[Records from a collection]
Content starts
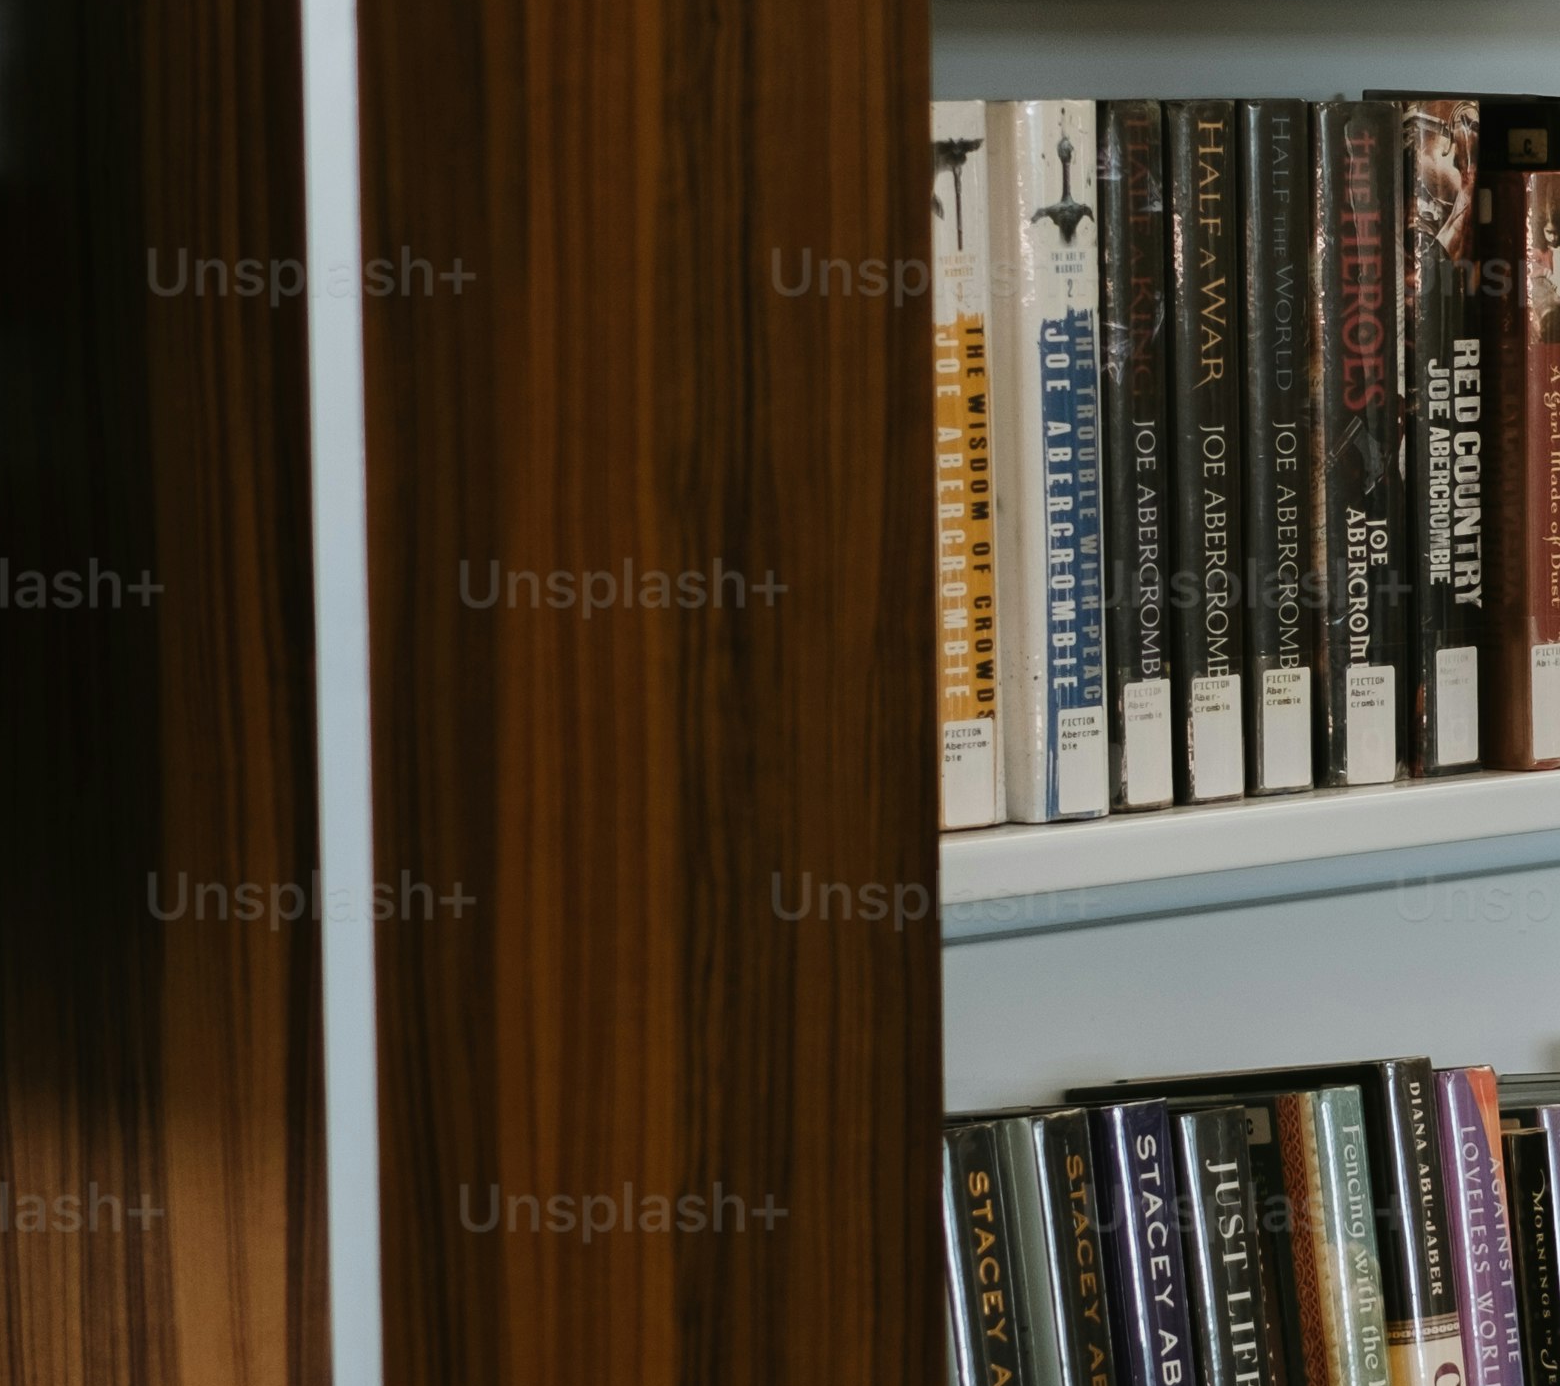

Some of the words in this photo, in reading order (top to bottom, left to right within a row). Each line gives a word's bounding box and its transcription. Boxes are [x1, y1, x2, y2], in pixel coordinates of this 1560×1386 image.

[1197, 121, 1224, 237] HALF
[1272, 117, 1291, 203] HALF
[1199, 249, 1217, 268] A
[1273, 217, 1287, 258] THE
[935, 328, 961, 397] JOE
[965, 327, 984, 379] THE
[1043, 327, 1071, 393] JOE
[1193, 277, 1226, 391] WAR
[1273, 265, 1294, 392] WORLD
[1453, 339, 1481, 424] RED
[1428, 358, 1450, 420] JOE
[967, 395, 989, 521] WISDOM
[1428, 426, 1451, 586] ABERCROMBIE
[937, 426, 969, 699] ABERCROMBIE
[972, 541, 992, 575] OF
[1046, 419, 1078, 690] ABERCROMBIE
[1453, 432, 1482, 609] COUNTRY
[974, 594, 996, 719] CROWDS
[1136, 1134, 1176, 1307] STACEY
[1205, 1158, 1248, 1271] JUST
[1342, 1125, 1366, 1237] Fencing
[1409, 1081, 1424, 1151] DIANA
[1418, 1163, 1444, 1297] ABU-JABER
[1460, 1126, 1491, 1275] LOVELESS
[967, 1170, 1008, 1344] STACEY
[1356, 1251, 1376, 1313] with
[1359, 1320, 1379, 1372] the
Content ends
EXERCISE OBJECTIVE: Every line of the data above is to be repeated exactly; the images are to be left out.

SOLUTION TO THIS PROBLEM:
Some of the words in this photo, in reading order (top to bottom, left to right within a row). Each line gives a word's bounding box and its transcription. Boxes are [x1, y1, x2, y2], in pixel coordinates of this 1560×1386 image.

[1197, 121, 1224, 237] HALF
[1272, 117, 1291, 203] HALF
[1199, 249, 1217, 268] A
[1273, 217, 1287, 258] THE
[935, 328, 961, 397] JOE
[965, 327, 984, 379] THE
[1043, 327, 1071, 393] JOE
[1193, 277, 1226, 391] WAR
[1273, 265, 1294, 392] WORLD
[1453, 339, 1481, 424] RED
[1428, 358, 1450, 420] JOE
[967, 395, 989, 521] WISDOM
[1428, 426, 1451, 586] ABERCROMBIE
[937, 426, 969, 699] ABERCROMBIE
[972, 541, 992, 575] OF
[1046, 419, 1078, 690] ABERCROMBIE
[1453, 432, 1482, 609] COUNTRY
[974, 594, 996, 719] CROWDS
[1136, 1134, 1176, 1307] STACEY
[1205, 1158, 1248, 1271] JUST
[1342, 1125, 1366, 1237] Fencing
[1409, 1081, 1424, 1151] DIANA
[1418, 1163, 1444, 1297] ABU-JABER
[1460, 1126, 1491, 1275] LOVELESS
[967, 1170, 1008, 1344] STACEY
[1356, 1251, 1376, 1313] with
[1359, 1320, 1379, 1372] the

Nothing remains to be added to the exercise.